On NE 121st Street, a tree-shaded road in North Miami, people begin to emerge from modest one-story homes. Litter is strewn about the road in front of number 739, a squat structure where Christopher Cole lives.
"Hello." Cole's British accent rounds out the O so the word sounds like Hey-low. He's standing in his doorway wearing shorts and a sleeveless shirt. "Excuse us, we're trying to dig out," he says. Then he beckons a visitor to enter a house crammed with cardboard boxes, water jugs, tools, and other items.
Cole, a 40-year-old photographer, sits on a couch. A Trinidadian woman whom he introduces as Eleanor places a sheaf of papers before him on a coffee table. The manuscript outlines Cole's consuming passion: a hurricane readiness plan that he calls "Operation Nineveh." Eleanor serves cookies and Coca-Cola.
"Basically, this is a three-county network, Miami-Dade, Broward, Palm Beach," he says, sitting on the couch's edge. "The idea of having three counties is that in a worst-case scenario, two counties would be devastated and the third would be able to assist."

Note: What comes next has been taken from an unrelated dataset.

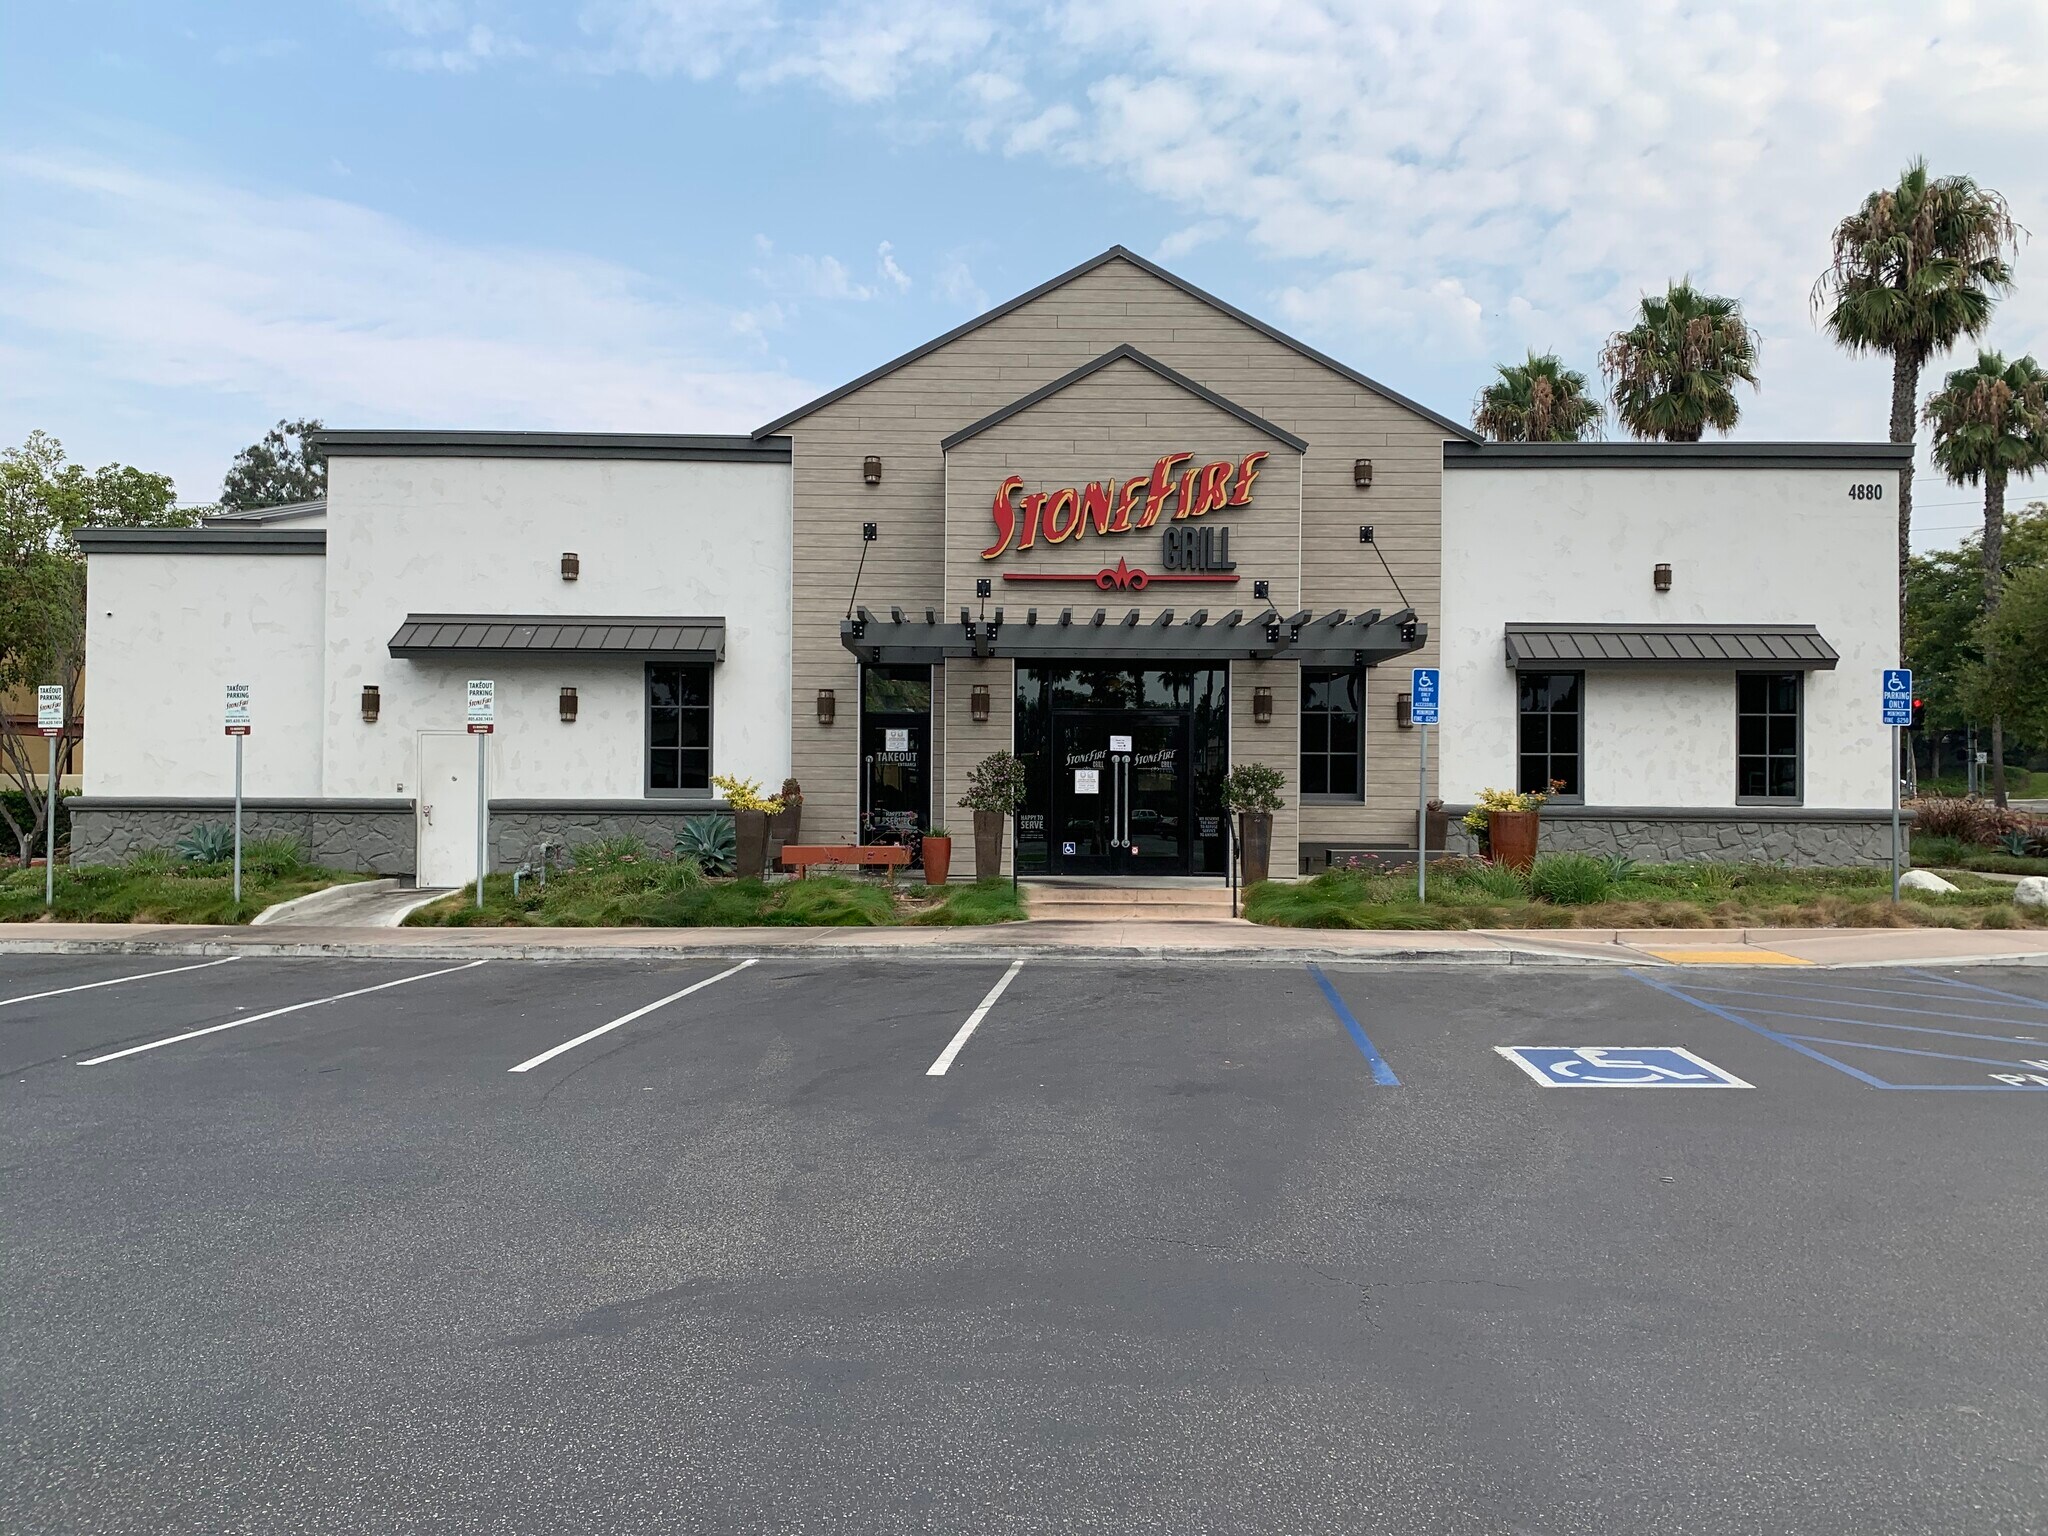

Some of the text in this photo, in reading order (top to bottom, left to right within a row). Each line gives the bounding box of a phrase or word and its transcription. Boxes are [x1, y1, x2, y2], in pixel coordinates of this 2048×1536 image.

He explains rat-a-tat that he and a small cadre of volunteers visit businesses and churches, asking them to join his network. "We have roughly about 200 people. In the event that something happens, those 200 would gather other people." Then he describes supply routes, evacuation areas, and the logistics of setting up medical tents.
After talking nonstop for several minutes, Cole leans forward: "I'm going to share something with you now, I hope it doesn't scare you. But I trust you."
He pauses.
"On April 8 of last year I had very strong, vivid dreams. I had a vision." While meditating Cole says he saw a hurricane sent by God to destroy Miami. Images of winds ravaging Miami-Dade County flashed through his mind. Soon details began to emerge: The winds reached 185 miles per hour with gusts up to 220. The eye passed over South Beach, snapping the towering condos like twigs, and continued northwest into Pembroke Pines. It lasted twelve hours. Thousands died. This was only the beginning. Earthquakes, hurricanes, and tidal waves convulsed this country from coast to coast. All the major cities crumbled. And in the aftermath, a Christian Kingdom was born.
Cole knows one other thing: He is God's point man in Miami.
"I believe God has given us clear signs that this nation has entered into Judgment. I know that Miami will be the first major city to come under that Judgment." Moreover, his group's name, Nineveh, refers to an ancient Assyrian city that the prophet Jonah tried to warn about the Lord's vengeance.
Cole's parapet-roofed house exhibits his commitment. Outside the rear door are half a dozen blue, plastic, 50-gallon drums for water. A few feet away is a pump to access a reserve water supply. A line of searchlights rest on a wooden rack. Inside the house a bank of car batteries are mounted on a wall. They power a generator that can produce enough electricity to run the house for twelve hours. All conceivable surfaces in the kitchen and back rooms are crammed with supplies: economy-sized cereal boxes, jumbo cans of tuna fish and beans, rubber surgical gloves, bandages, and disinfectants. There are even helium tanks and boxes of balloons, which Cole plans to attach to the dead and wounded so rescue vehicles can spot them.
Cole may be obsessive, even fanatical, but he is not alone.
On the cusp of the year 2000, Christians the world over are preparing for the Millennium, the thousand year period, mentioned in the biblical book of Revelations, in which Jesus rules the world. The date is less meaningful to the non-Christian majority. Nonetheless, militia groups are stocking up on canned food and munitions, while religious cult members are selling their belongings and moving to sites they believe are way stations on the road to heaven.
Miami is no different. And Cole, with his uniquely subtropical spin on the apocalypse, has tapped into a local network preparing for the worst.
In the year and a half since his vision, Cole has spent hours preaching in one-room churches, faxing and phoning people in cities around the world, and meeting with county emergency coordinators. He estimates he's spent $15,000 in the last year preparing his house, buying supplies, and printing flyers that bear his message. "I've contacted over 400 people about this."